Records provided ->
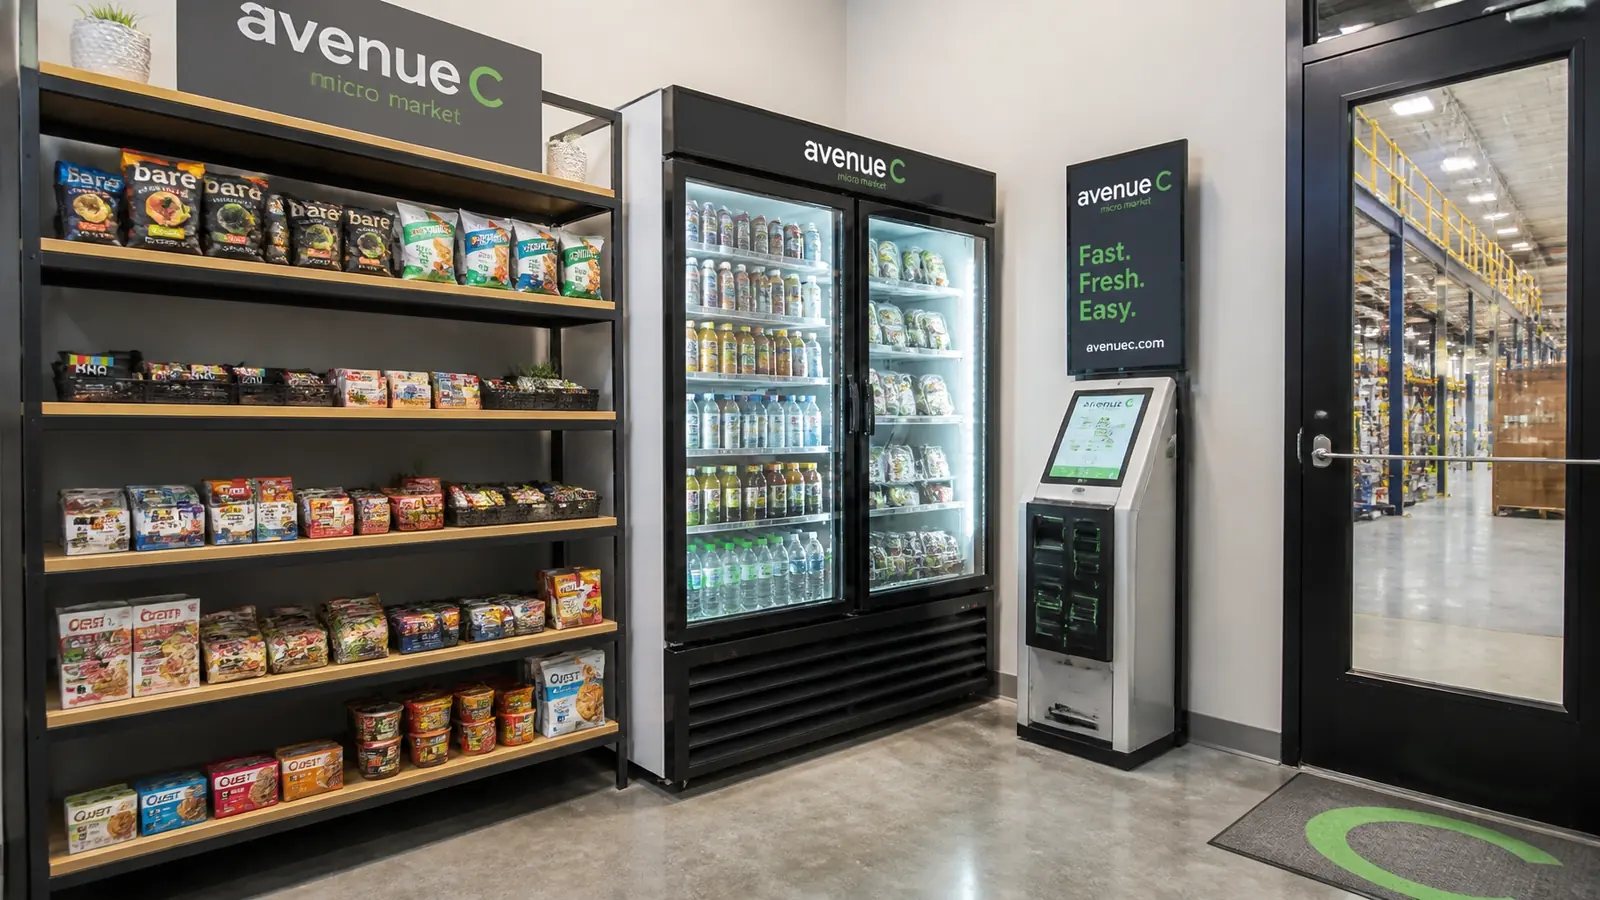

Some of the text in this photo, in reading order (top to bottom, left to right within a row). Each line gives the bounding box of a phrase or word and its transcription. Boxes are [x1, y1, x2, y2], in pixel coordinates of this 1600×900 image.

[237, 2, 504, 108] avenue C
[310, 71, 461, 125] micro market
[804, 140, 906, 184] avenue C
[134, 162, 196, 189] bare
[837, 173, 860, 185] micro
[1077, 170, 1172, 206] avenue C
[347, 210, 391, 230] bare
[1100, 202, 1123, 213] micro
[1079, 242, 1131, 266] Fast.
[1079, 268, 1145, 294] Fresh.
[1080, 300, 1136, 323] Easy.
[1086, 338, 1165, 352] avenuec.com
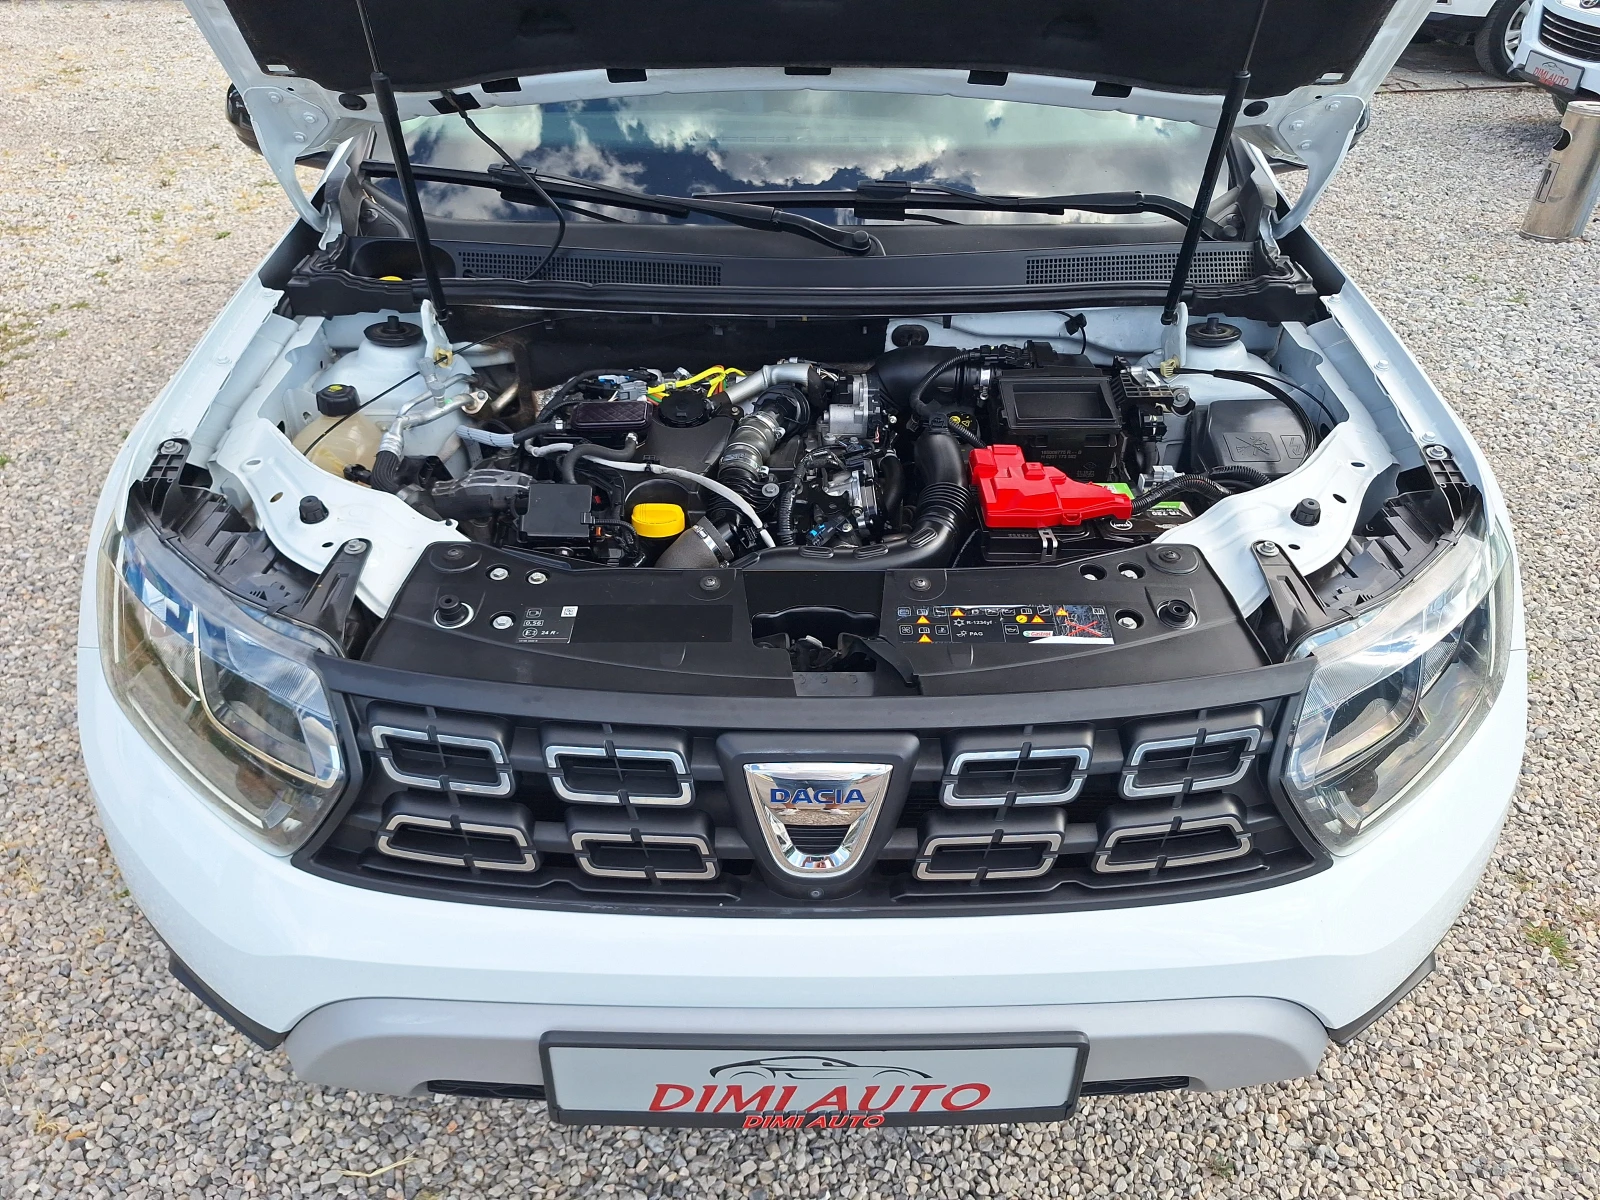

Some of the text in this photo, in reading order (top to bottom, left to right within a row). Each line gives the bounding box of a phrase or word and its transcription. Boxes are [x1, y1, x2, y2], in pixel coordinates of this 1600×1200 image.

How to complete this task ->
Pictures stay out of the copy; please restate every record above exactly.

Solution ->
Some of the text in this photo, in reading order (top to bottom, left to right within a row). Each line gives the bounding box of a phrase or word and its transcription. Boxes are [x1, y1, x2, y2], in pixel coordinates of this 1600×900 image.

[237, 2, 504, 108] avenue C
[310, 71, 461, 125] micro market
[804, 140, 906, 184] avenue C
[134, 162, 196, 189] bare
[837, 173, 860, 185] micro
[1077, 170, 1172, 206] avenue C
[347, 210, 391, 230] bare
[1100, 202, 1123, 213] micro
[1079, 242, 1131, 266] Fast.
[1079, 268, 1145, 294] Fresh.
[1080, 300, 1136, 323] Easy.
[1086, 338, 1165, 352] avenuec.com

Some of the text in this photo, in reading order (top to bottom, left to right within a row). Each line gives the bounding box of a phrase or word and its transcription. Boxes are [x1, y1, x2, y2], in pixel coordinates of this 1600×1200 image.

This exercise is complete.